■ YOUR GOAL: The listing is to be transcribed in full, with its images left out.
== SOURCE DATA ==
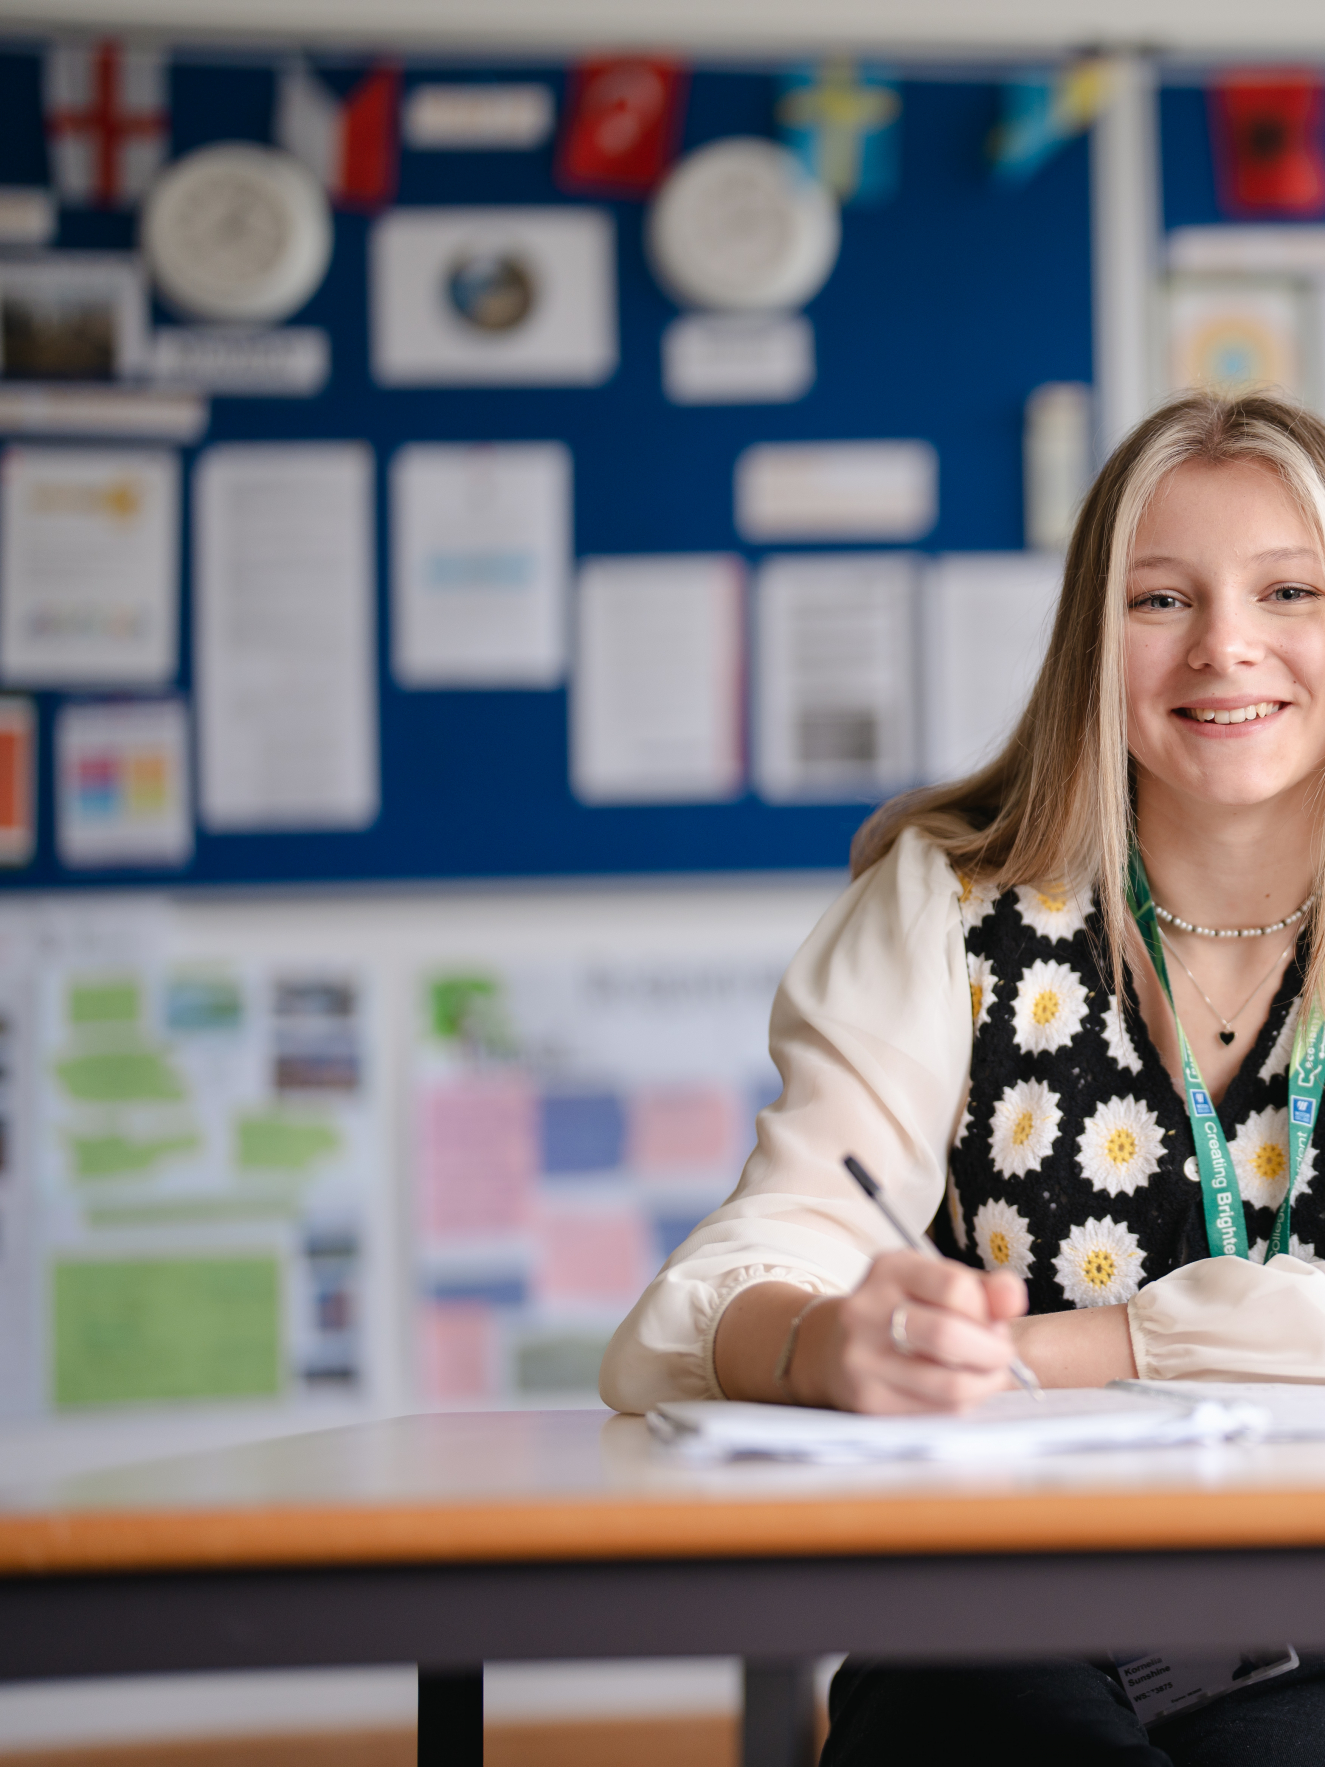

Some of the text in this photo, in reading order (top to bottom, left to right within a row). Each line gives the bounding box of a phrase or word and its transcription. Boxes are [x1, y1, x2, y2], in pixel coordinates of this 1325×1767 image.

[1204, 1121, 1238, 1256] Creating Brighte
[1123, 1657, 1163, 1677] Kornelia
[1127, 1665, 1171, 1687] Sunshine
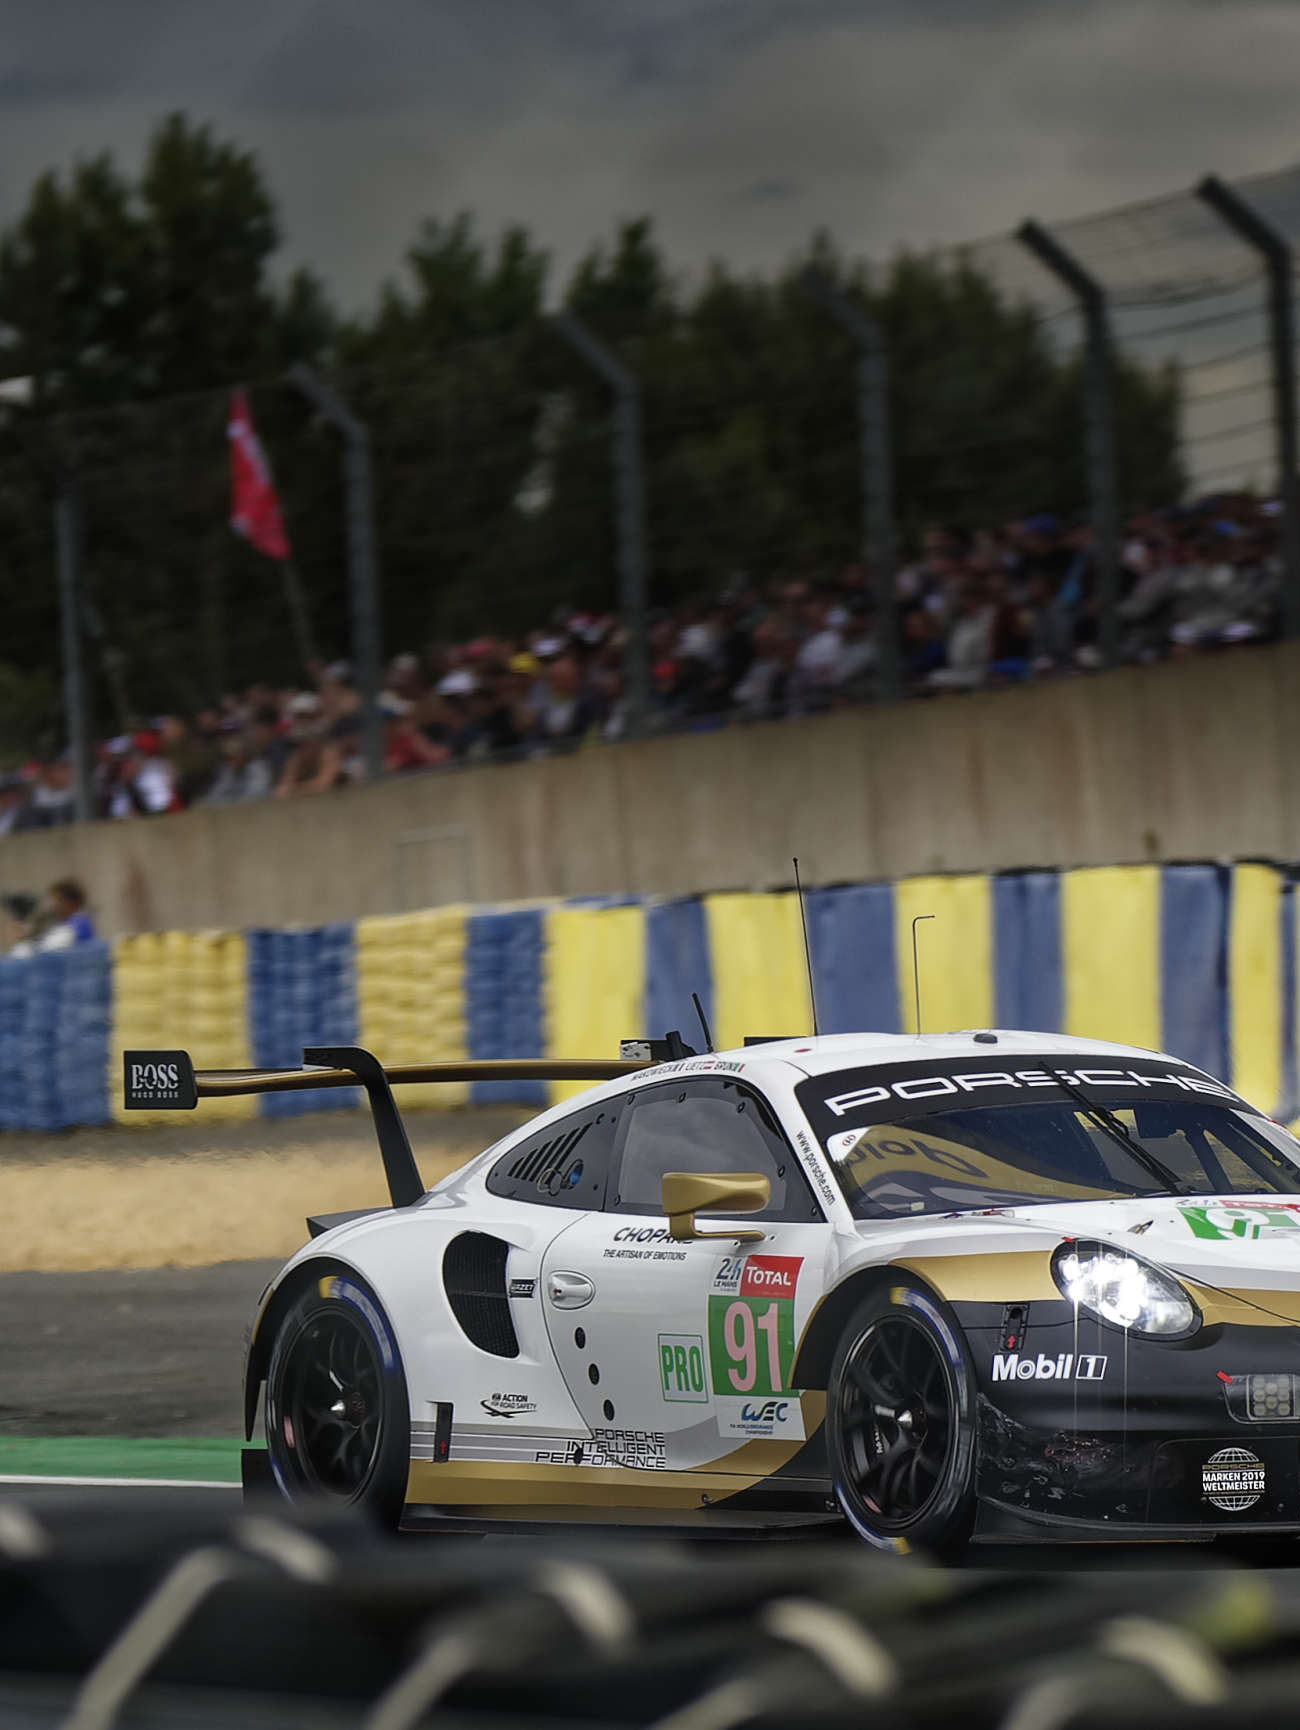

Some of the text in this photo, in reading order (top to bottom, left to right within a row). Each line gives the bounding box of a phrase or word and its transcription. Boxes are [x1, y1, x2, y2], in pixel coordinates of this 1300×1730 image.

[131, 1064, 178, 1089] BOSS
[824, 1069, 1239, 1117] PORSCHE
[796, 1129, 836, 1206] www.porsche.com
[614, 1227, 694, 1244] CHOPA
[724, 1301, 783, 1392] 91
[661, 1345, 703, 1393] PRO
[992, 1354, 1073, 1381] Mobil
[502, 1394, 528, 1402] ACTION
[741, 1401, 788, 1422] WEC
[595, 1428, 664, 1443] PORSCHE
[567, 1441, 666, 1455] INTELLIGENT
[1203, 1471, 1265, 1482] MARKEN 2019
[1203, 1481, 1265, 1491] WELTMEISTER
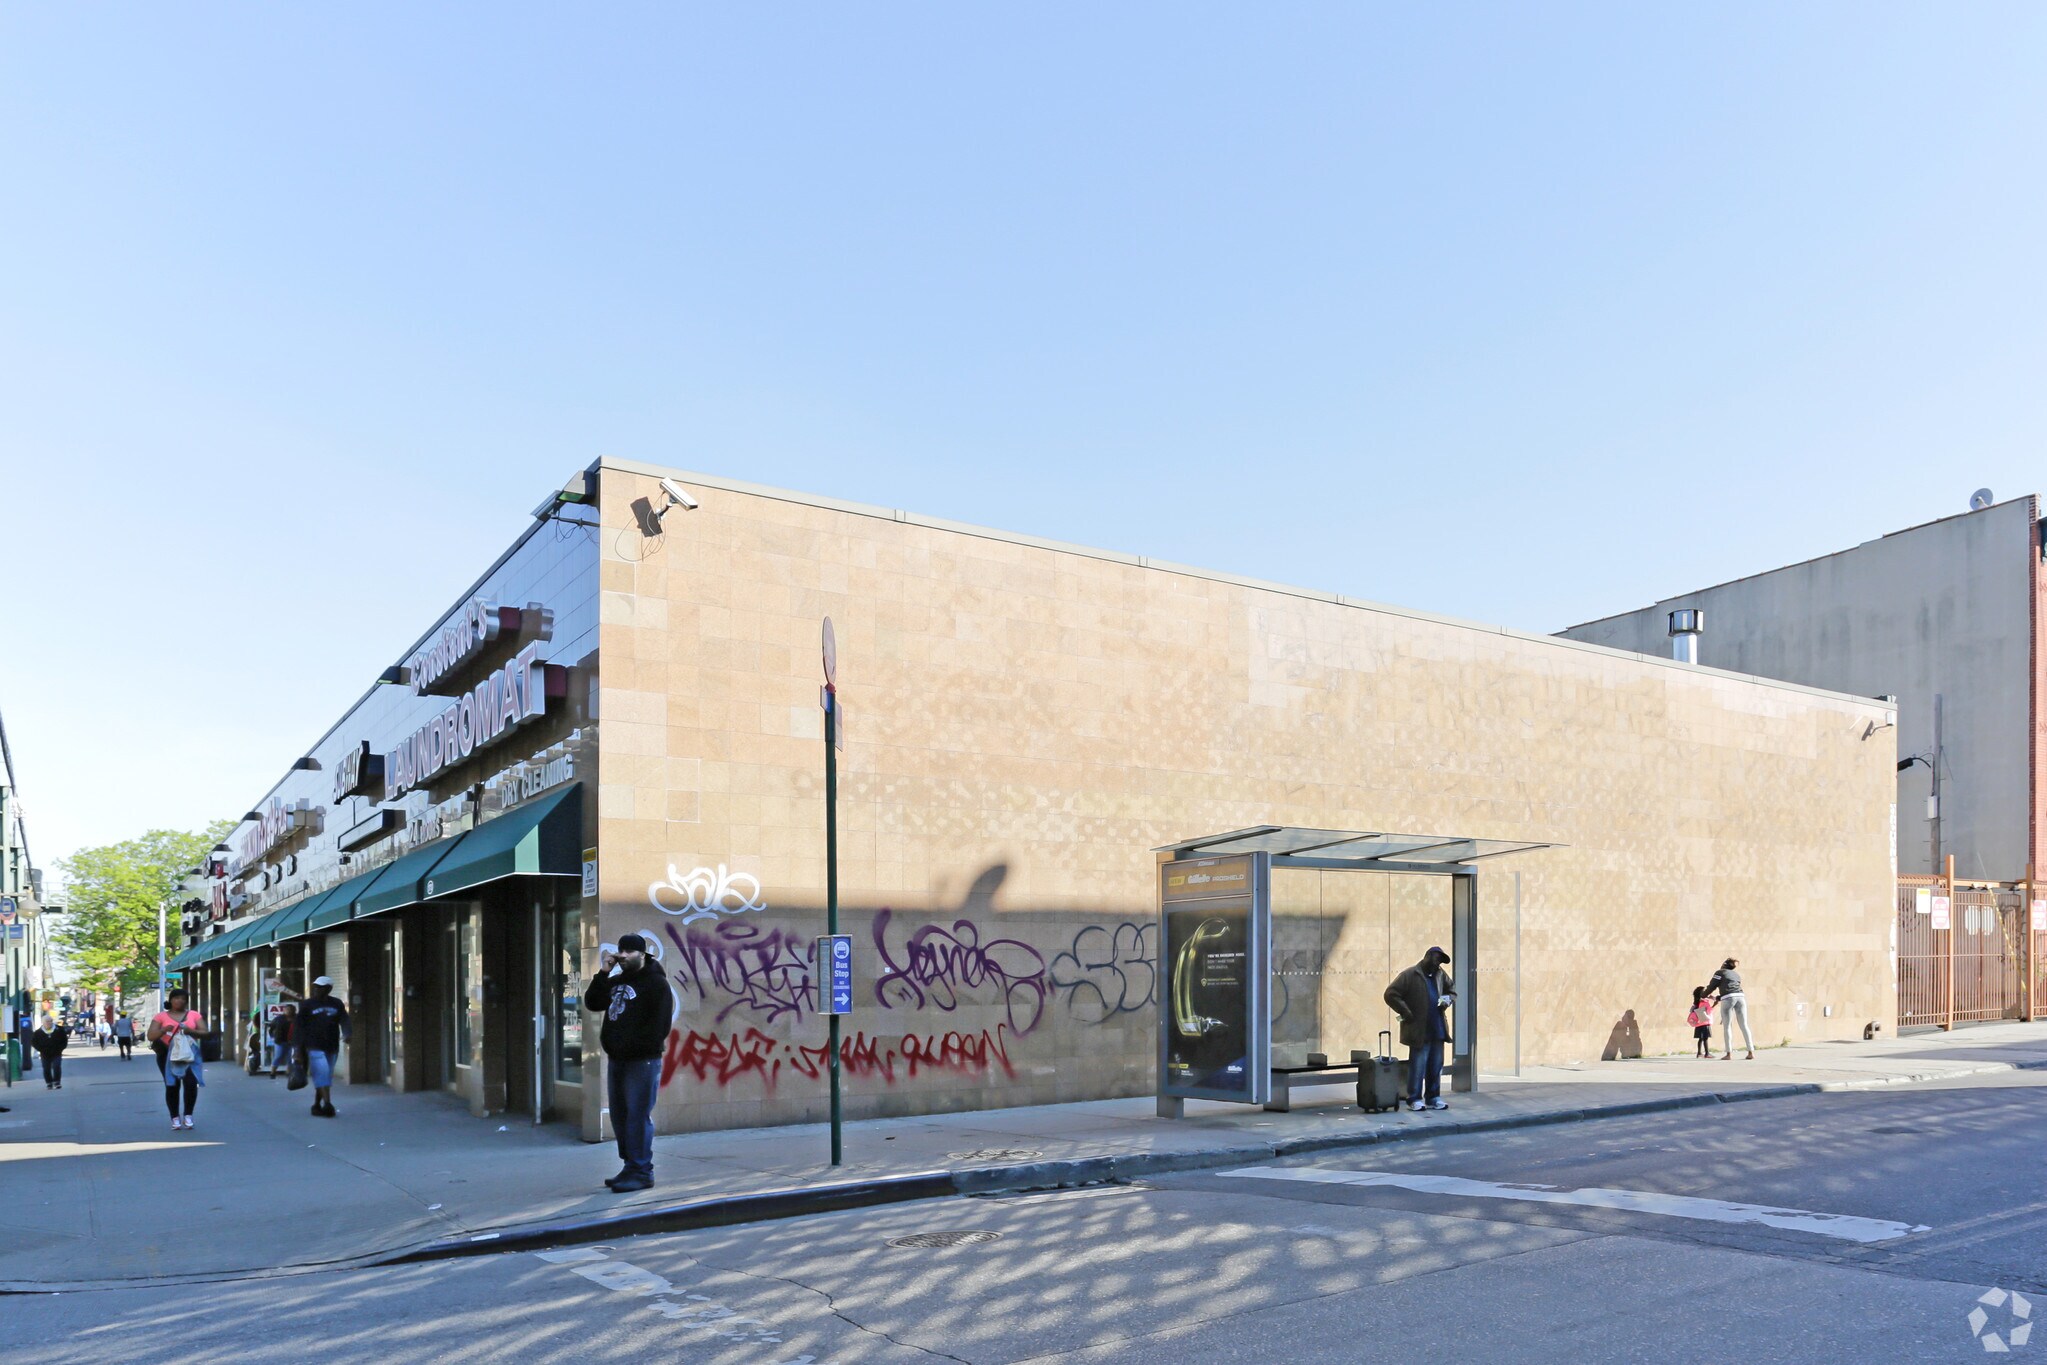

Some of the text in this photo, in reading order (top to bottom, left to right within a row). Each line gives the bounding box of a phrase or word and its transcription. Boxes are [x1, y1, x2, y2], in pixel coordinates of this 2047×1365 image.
===
■ PROBLEM SOLUTION:
Some of the text in this photo, in reading order (top to bottom, left to right within a row). Each line gives the bounding box of a phrase or word and its transcription. Boxes are [x1, y1, x2, y2], in pixel coordinates of this 1325×1767 image.

[1204, 1121, 1238, 1256] Creating Brighte
[1123, 1657, 1163, 1677] Kornelia
[1127, 1665, 1171, 1687] Sunshine

Some of the text in this photo, in reading order (top to bottom, left to right within a row). Each line gives the bounding box of a phrase or word and its transcription. Boxes are [x1, y1, x2, y2], in pixel coordinates of this 1300×1730 image.

[131, 1064, 178, 1089] BOSS
[824, 1069, 1239, 1117] PORSCHE
[796, 1129, 836, 1206] www.porsche.com
[614, 1227, 694, 1244] CHOPA
[724, 1301, 783, 1392] 91
[661, 1345, 703, 1393] PRO
[992, 1354, 1073, 1381] Mobil
[502, 1394, 528, 1402] ACTION
[741, 1401, 788, 1422] WEC
[595, 1428, 664, 1443] PORSCHE
[567, 1441, 666, 1455] INTELLIGENT
[1203, 1471, 1265, 1482] MARKEN 2019
[1203, 1481, 1265, 1491] WELTMEISTER

Some of the text in this photo, in reading order (top to bottom, left to right within a row). Each line gives the bounding box of a phrase or word and its transcription. Boxes are [x1, y1, x2, y2], in pixel coordinates of this 2047×1365 image.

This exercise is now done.